Deux points importants, pour garantir le respect du principe de subsidiarité, n'ont cependant pas encore trouvé d'issue :
- d'une part, le régime des projets de défense européens d'intérêt commun, auxquels la Commission se réserve le droit de participer après les avoir recensés. La France insiste pour que leur recensement réponde aux priorités identifiées par les États membres et qu'en toute hypothèse, l'initiative en la matière soit réservée aux États et à l'Agence européenne de défense ;
- d'autre part, la neutralisation du contrôle à l'exportation en régime d'état de crise d'approvisionnement liée à la sécurité. La France a demandé une disposition horizontale visant à préserver le caractère national de ce contrôle, attribut fondamental de sa souveraineté en matière de défense.
2. La principale pierre d'achoppement : les critères d'éligibilité aux fonds du programme EDIP
La négociation achoppe notamment sur les critères d'éligibilité au fonds du programme. Notre commission soutient la position française considérant que, dès lors que le nouveau programme pour l'industrie européenne de la défense a vocation à être pérenne, il importe que les critères d'éligibilité soient les plus ambitieux possible, afin qu'ils servent véritablement la base industrielle et technologique de défense européenne.

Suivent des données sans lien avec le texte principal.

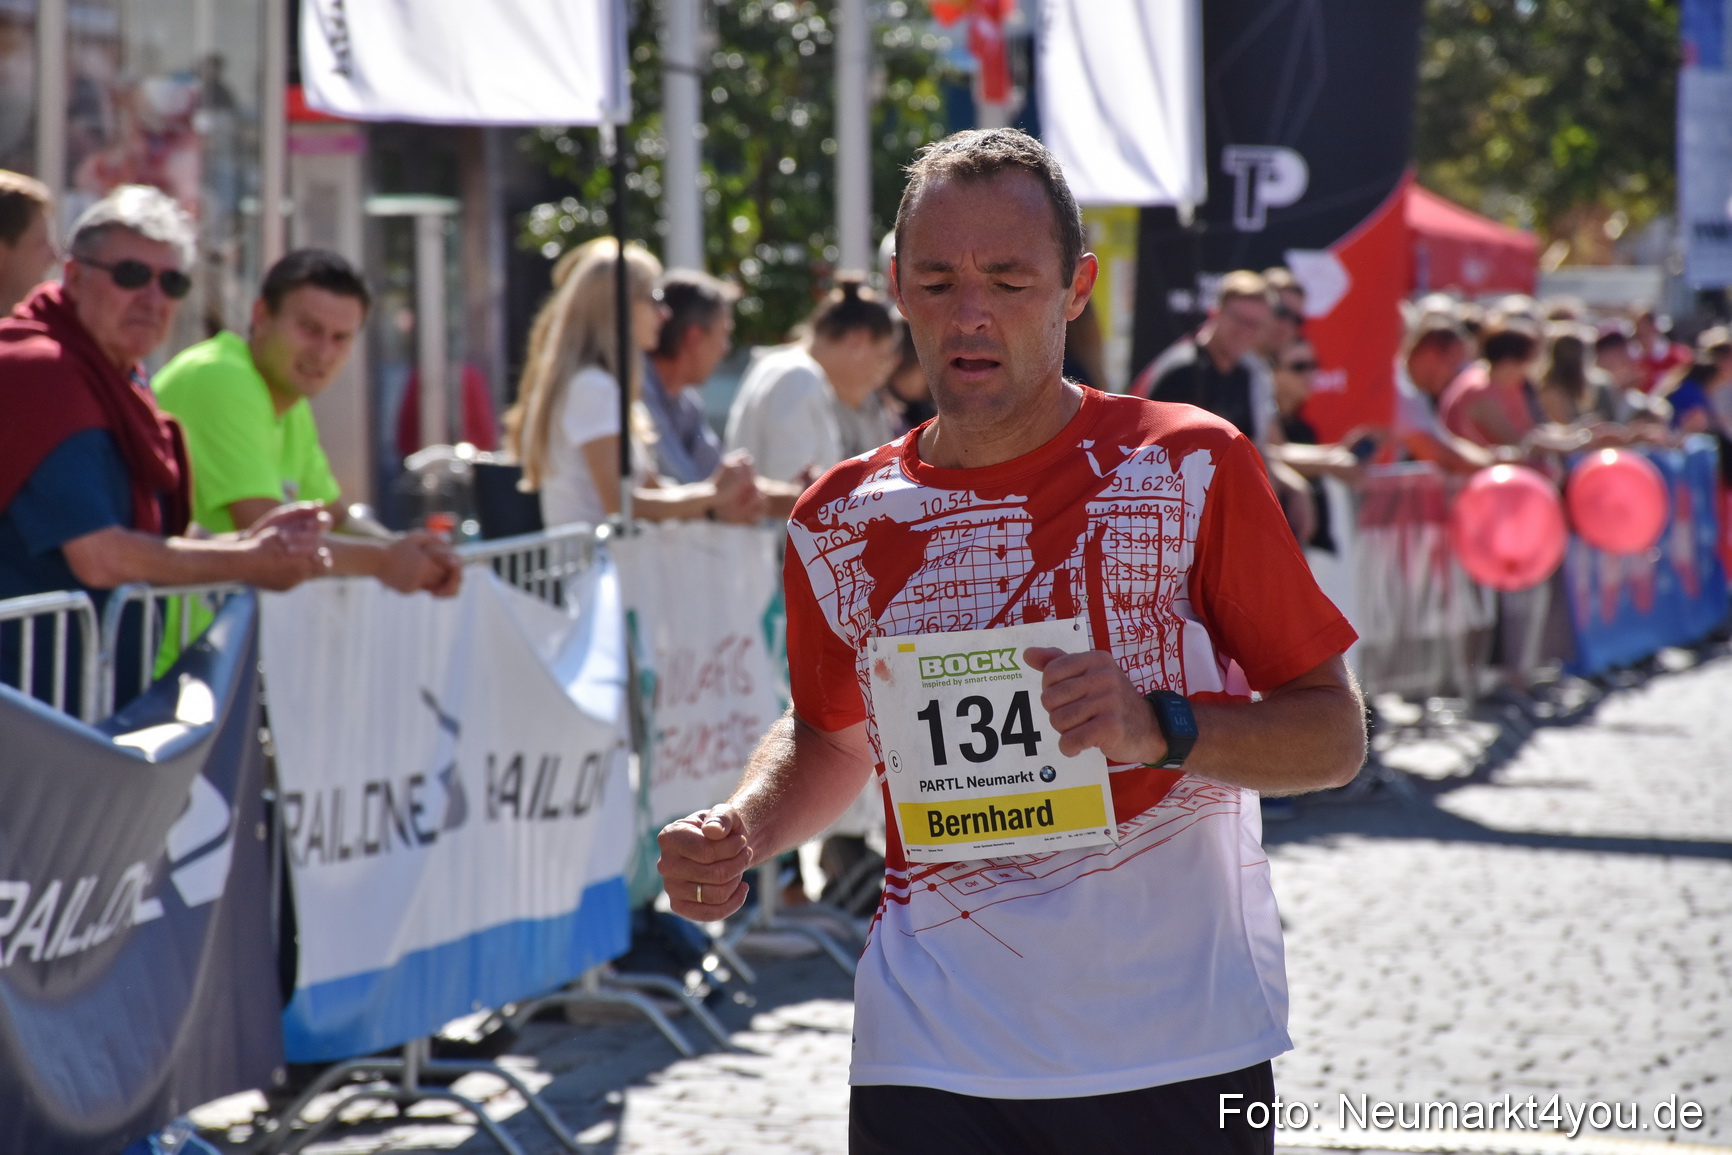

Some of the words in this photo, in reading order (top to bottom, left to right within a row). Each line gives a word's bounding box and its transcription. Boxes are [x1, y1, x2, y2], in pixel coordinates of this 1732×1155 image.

[1111, 474, 1182, 493] 91.62%
[919, 489, 973, 519] 10.54
[912, 579, 974, 605] 52.01
[919, 648, 1020, 679] BOCK
[922, 679, 951, 689] inspired
[953, 678, 963, 687] by
[964, 675, 988, 684] smart
[988, 672, 1023, 683] concepts
[917, 690, 1042, 766] 134
[919, 777, 964, 793] PARTL
[966, 771, 1035, 789] Neumarkt
[927, 799, 1055, 838] Bernhard

La France plaide ainsi pour un taux minimal de composants des produits de défense soutenus par le programme provenant de l'Union européenne ou de pays associés de 65 % en valeur. Ce critère, issu d'une proposition de 28 industriels européens, à laquelle ne se sont toutefois pas associé certains grands industriels français comme Dassault, semble s'être imposé dans les derniers compromis portés à la connaissance du rapporteur. Seuil retenu par le règlement Edirpa, il constituait certes un minimum minimorum.
Il est en outre indispensable que les fonds du programme soient réservés au soutien de produits de défense dont l'autorité de conception, et non l'autorité de fabrication, est installée dans l'Union européenne ou les pays associés et qui ne font l'objet d'aucune restriction d'usage, afin de permettre aux États membres de demander des modifications ou adaptations rapides des produits en fonction de leurs besoins sans dépendre d'autorisations d'États tiers.

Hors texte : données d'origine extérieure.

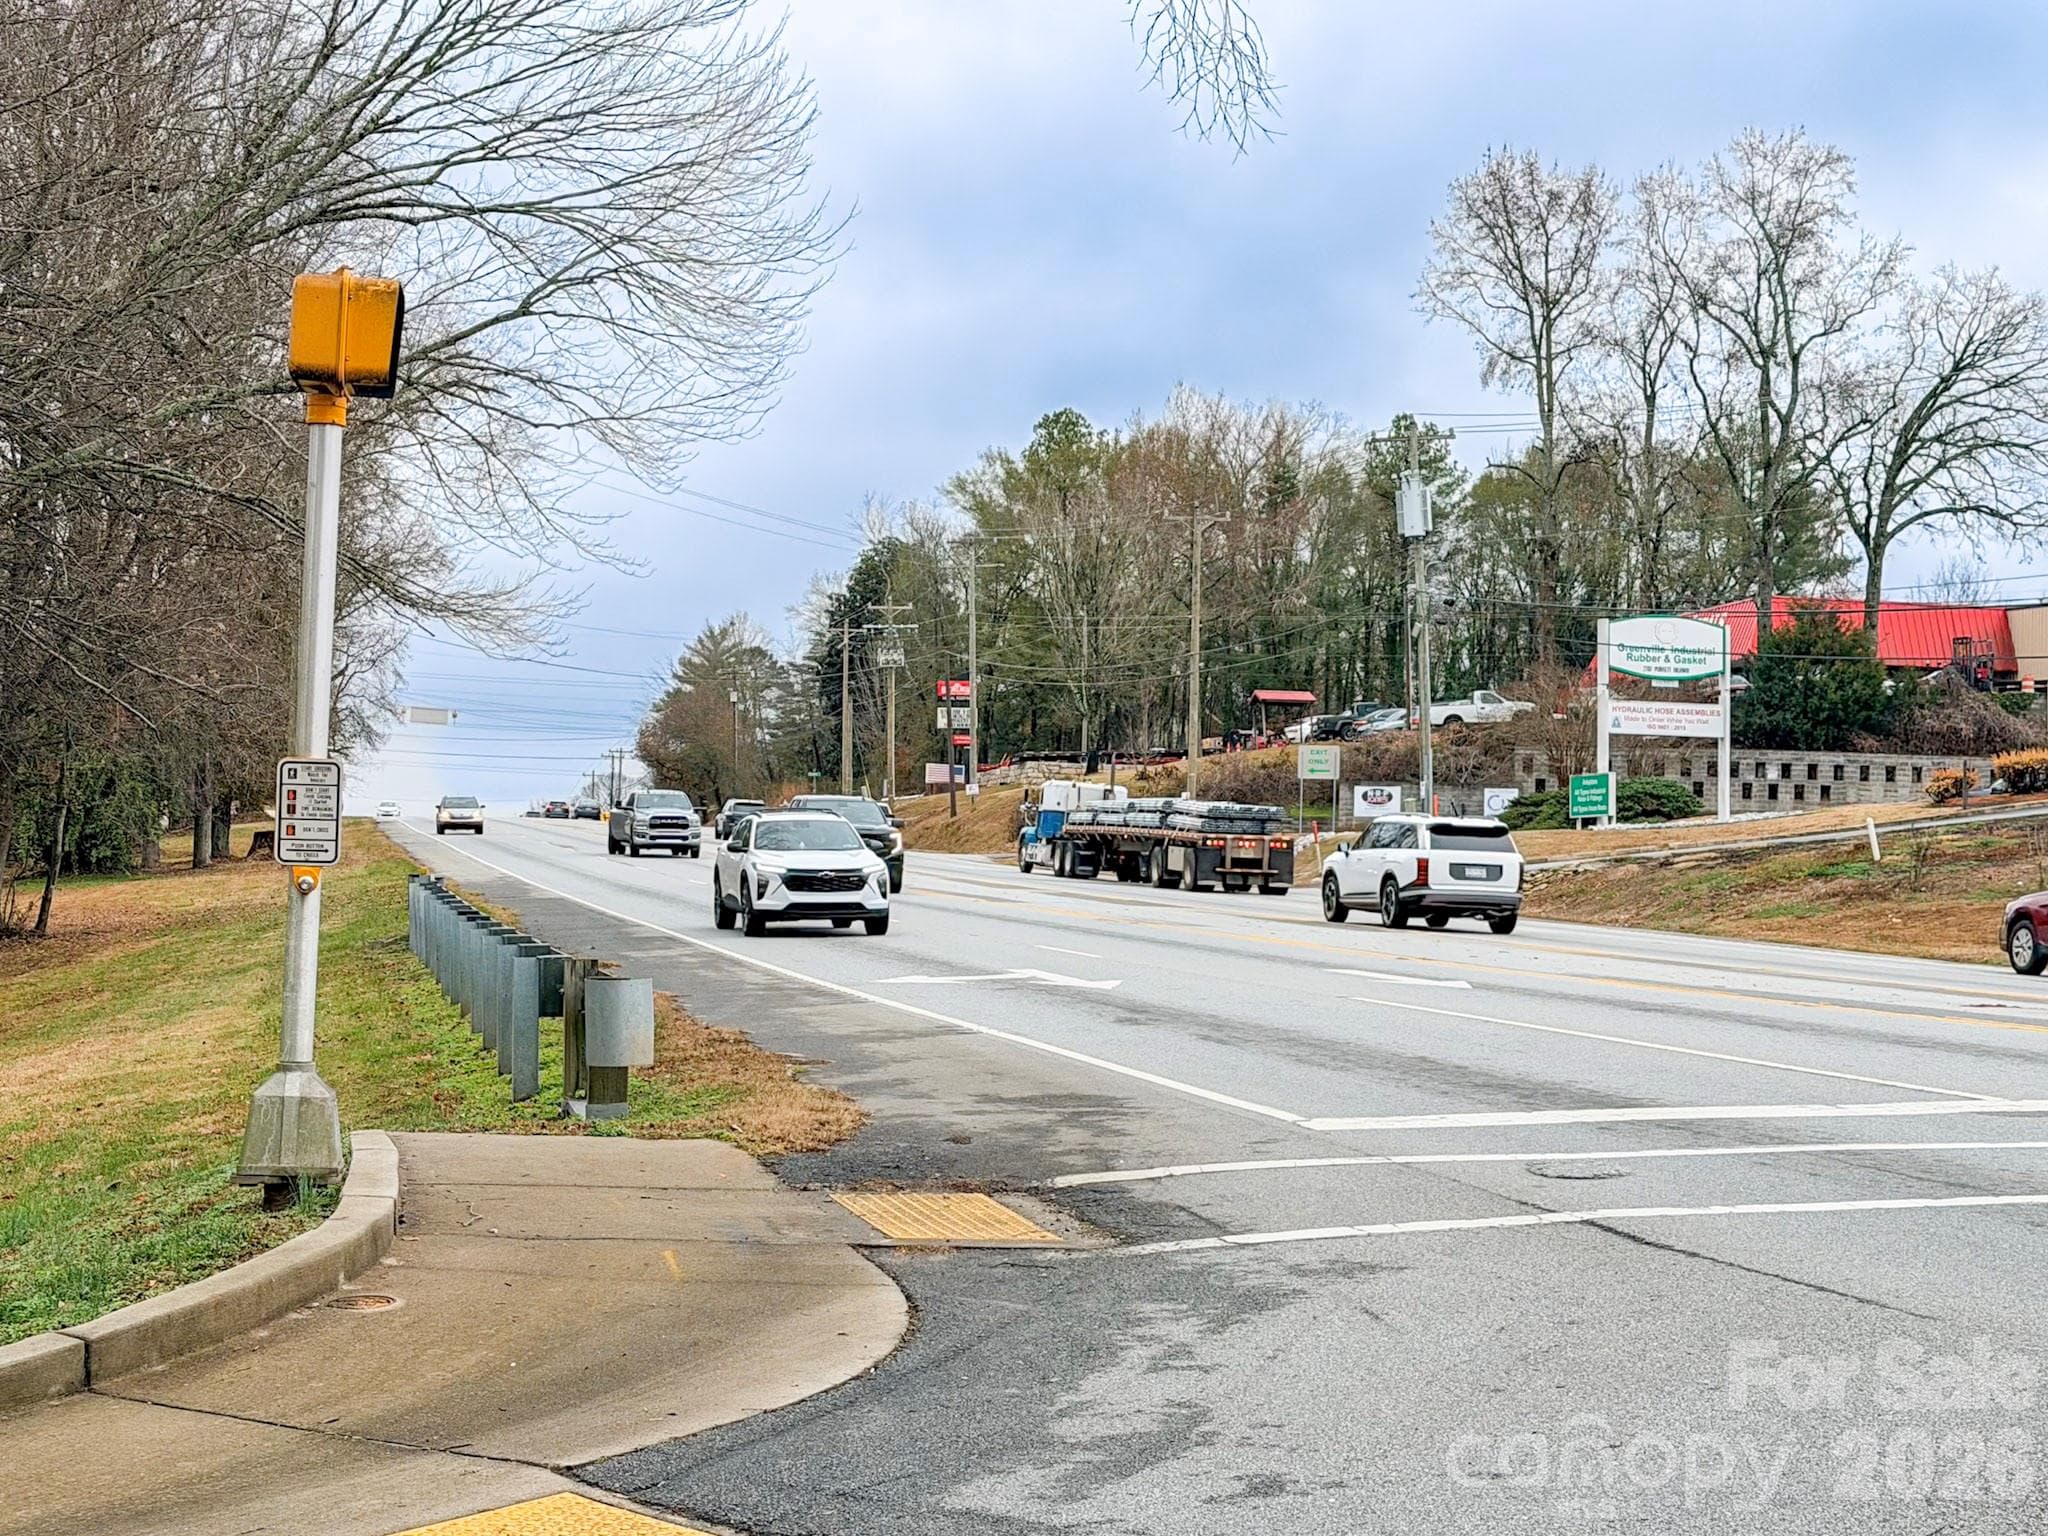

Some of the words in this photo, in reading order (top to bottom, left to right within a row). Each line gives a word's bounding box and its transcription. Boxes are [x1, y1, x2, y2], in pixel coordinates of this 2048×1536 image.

[1617, 643, 1665, 654] Greenville
[1671, 645, 1716, 656] Industrial
[1626, 652, 1661, 663] Rubber
[1664, 654, 1671, 663] &
[1673, 655, 1707, 665] Gasket
[1612, 706, 1653, 714] HYDRAULIC
[1655, 707, 1673, 715] HOSE
[1676, 708, 1721, 717] ASSEMBLIES

Or sur ce dernier point, la position allemande s'est distancée, début décembre de celle de la France. Le terme d' « autorité de conception » devrait être maintenu dans le texte mais il voisinerait avec une forme d'exception faite aux productions sous licence étrangère. Les entreprises allemandes sont en effet quelques-unes à fabriquer sous licence des produits de défense américains ou israéliens qui concurrencent des produits européens de la même gamme - tel le missile américain Patriot - et dont la dénomination est parfois trompeuse - tel le missile antichar israélien Spike, qui sort de sa ligne de production bavaroise sous l'appellation « Eurospike ». Or il est de notoriété publique que les Etats-Unis effectuent un lobbying intense, à Bruxelles, en faveur de l'assouplissement des critères d'éligibilité8(*).
L'inclusion dans les critères d'éligibilité aux fonds du programme EDIP des fabrications sous licence étrangères irait à l'encontre des objectifs poursuivis, en faisant financer par le contribuable européen la production d'industriels extérieurs à l'Union européenne - majoritairement américains.

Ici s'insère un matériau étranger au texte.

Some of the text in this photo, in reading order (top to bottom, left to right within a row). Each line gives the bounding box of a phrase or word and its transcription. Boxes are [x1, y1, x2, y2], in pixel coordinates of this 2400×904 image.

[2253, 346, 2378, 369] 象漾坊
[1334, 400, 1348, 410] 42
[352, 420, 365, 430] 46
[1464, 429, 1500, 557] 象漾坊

La négociation ne pouvant à présent plus aboutir sous présidence hongroise, la recherche du compromis est manifestement repoussée à la présidence polonaise du premier semestre 2025. Cette circonstance rend plus improbable encore le respect par une majorité suffisante de ses partenaires de ce que la France a tracé comme une ligne rouge.
B. UNE RÉSOLUTION ESSENTIELLE APPELANT À FIXER DANS LE DROIT EUROPÉEN LES PRINCIPES DE MISE EN oeUVRE DES AMBITIONS FUTURES
Notre commission s'est largement rangée à l'analyse de la proposition de résolution adoptée par la commission des affaires européennes, qui se focalise sur quelques points précis du règlement, en :
- Réaffirmant le soutien de la France aux objectifs de long terme poursuivis par le texte, qui doivent contribuer à une plus grande autonomie stratégique européenne ;
- Rappelant la position prise par le Sénat sur le non-respect, par la proposition de règlement initiale, des principes de subsidiarité et de proportionnalité, et la nécessité de préserver les compétences des États membres dans un domaine qui relève par essence de la souveraineté nationale ;
- Réaffirmant l'importance du critère d'éligibilité tenant à l'autorité de conception européenne ;
- Soutenant, au titre du critère d'éligibilité tenant au taux de composants en provenance de l'Union européenne ou de pays associés, l'ambition d'un taux minimal plus élevé, allant jusqu'à 80 %.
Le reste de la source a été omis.